2 November, 2014
This year, because 2 November falls on a Sunday, the commemoration of All Souls is transferred to tomorrow. I want to suggest that this gives us an opportunity of reflecting on yesterday and looking ahead to tomorrow.
Rather similar to the pause on Holy Saturday, today we sit between two kinds of family trees. These trees relate to every one of us here this morning. There seems to be a contemporary interest in where we come from. I believe there is even a TV programme with the title "Who do you think you are?".
As we look back to All Saints, we are invited to reflect on how we came to be a Christian in the first place. For each of us there is a story: childhood influences, later embraced as our own; some particular experience or occasion which sowed the seed of faith. For some it was a long time ago. For others, more recent. Whatever happened to us, we received our faith from someone. Today we might remember those who were responsible for our coming to faith in Jesus and give thanks for them and for the gift they gave us. Over hundreds of years, this gift has been passed on and the chain of faith must, inevitably, come from Jesus himself - there cannot be a break in this chain of faith.
In this Country, until the reformation, there were at least a thousand years of the same Catholic beliefs and preaching as we celebrate here now. The same liturgical year, the same framework of worship in the ups and downs of life. In between the icons of well known Saints, there peep the faces of ordinary Christian folk whom you may recognise and whom we may remember with great thankfulness. In St Paul's language they were All Saints.
Yesterday we can reflect on our family faith tree. Tomorrow we might contemplate our biological ancestry.
When we were inside our Mother, our heartbeat was close to hers. When your Mother was inside your Grandmother the same was true. This tree goes back to the very start of humanity - again, there cannot be a break in it. At every stage, every generation, there were women and men who carried your genes and DNA and finally brought you here this morning.

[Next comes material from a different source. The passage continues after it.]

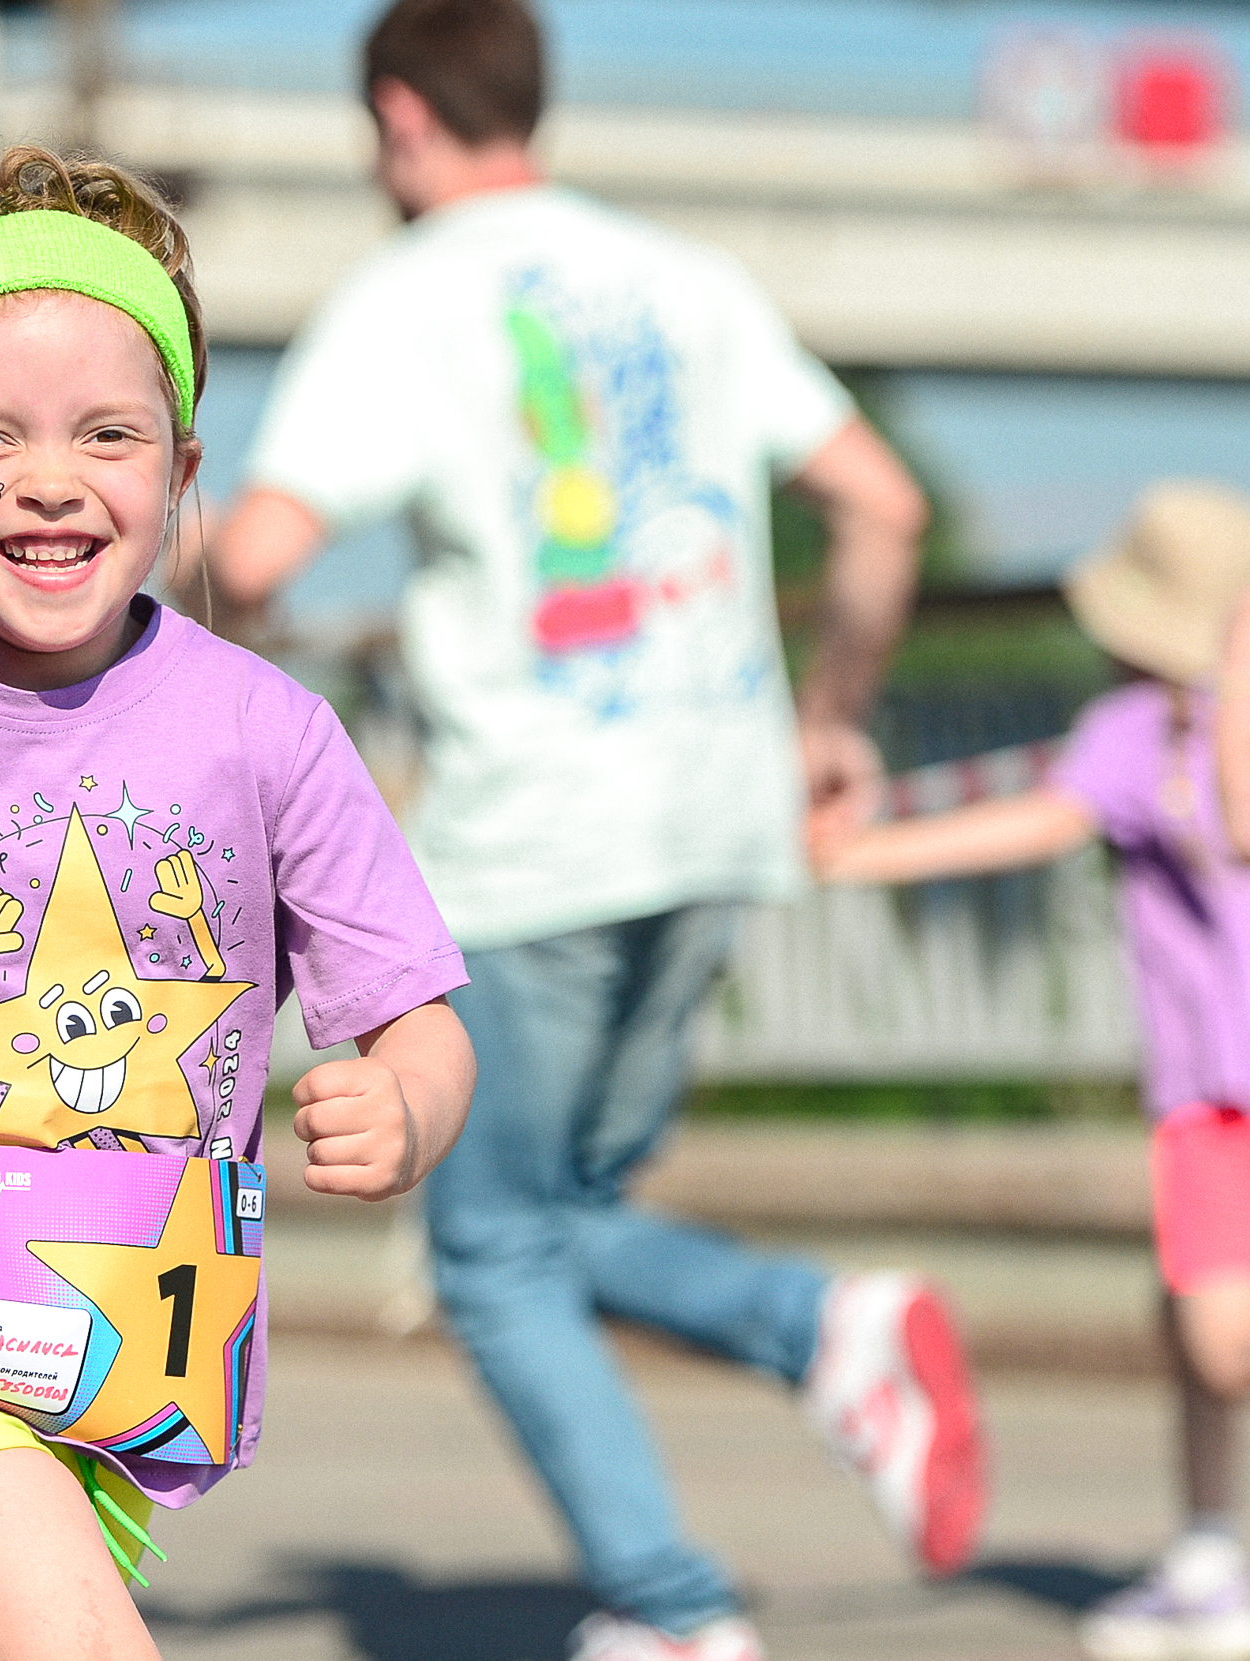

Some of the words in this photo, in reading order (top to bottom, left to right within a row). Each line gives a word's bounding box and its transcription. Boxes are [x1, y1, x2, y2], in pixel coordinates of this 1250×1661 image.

Some years ago there was a staggering piece of evidence about all this. Archaeologists uncovered the remains of a prehistoric man, buried in a burial mound in the south of England. It turned out that a schoolmaster in the village nearby had the same DNA.
Just as our faith comes to us through countless lives from the past, so also our very humanity has come to us through the joys and sorrows and struggles and decisions of our own physical ancestors.
My own response to all of this is to include in my prayers each day my ancestors in the faith and all of my blood forebears, whose humanity I share. This practice is part of my understanding of the Body of Christ.
When I enter one of those mediaeval churches in Norfolk or anywhere else, I am aware of the countless folk who have worshipped in that building. Sometimes the door of the church is over a thousand years old and I remember the hands which have pushed that door open, generation after generation. I don't know what the Vicar thinks but I often put in the Visitor's Book "All our ancestors pray for us". Surely this is what the Communion of Saints means.
We don't have a Visitor's Book in this church but nevertheless it is surely appropriate to ask the prayers of all who have worshipped here since it was built. Some we remember, others are part of that great Cloud of Witnesses.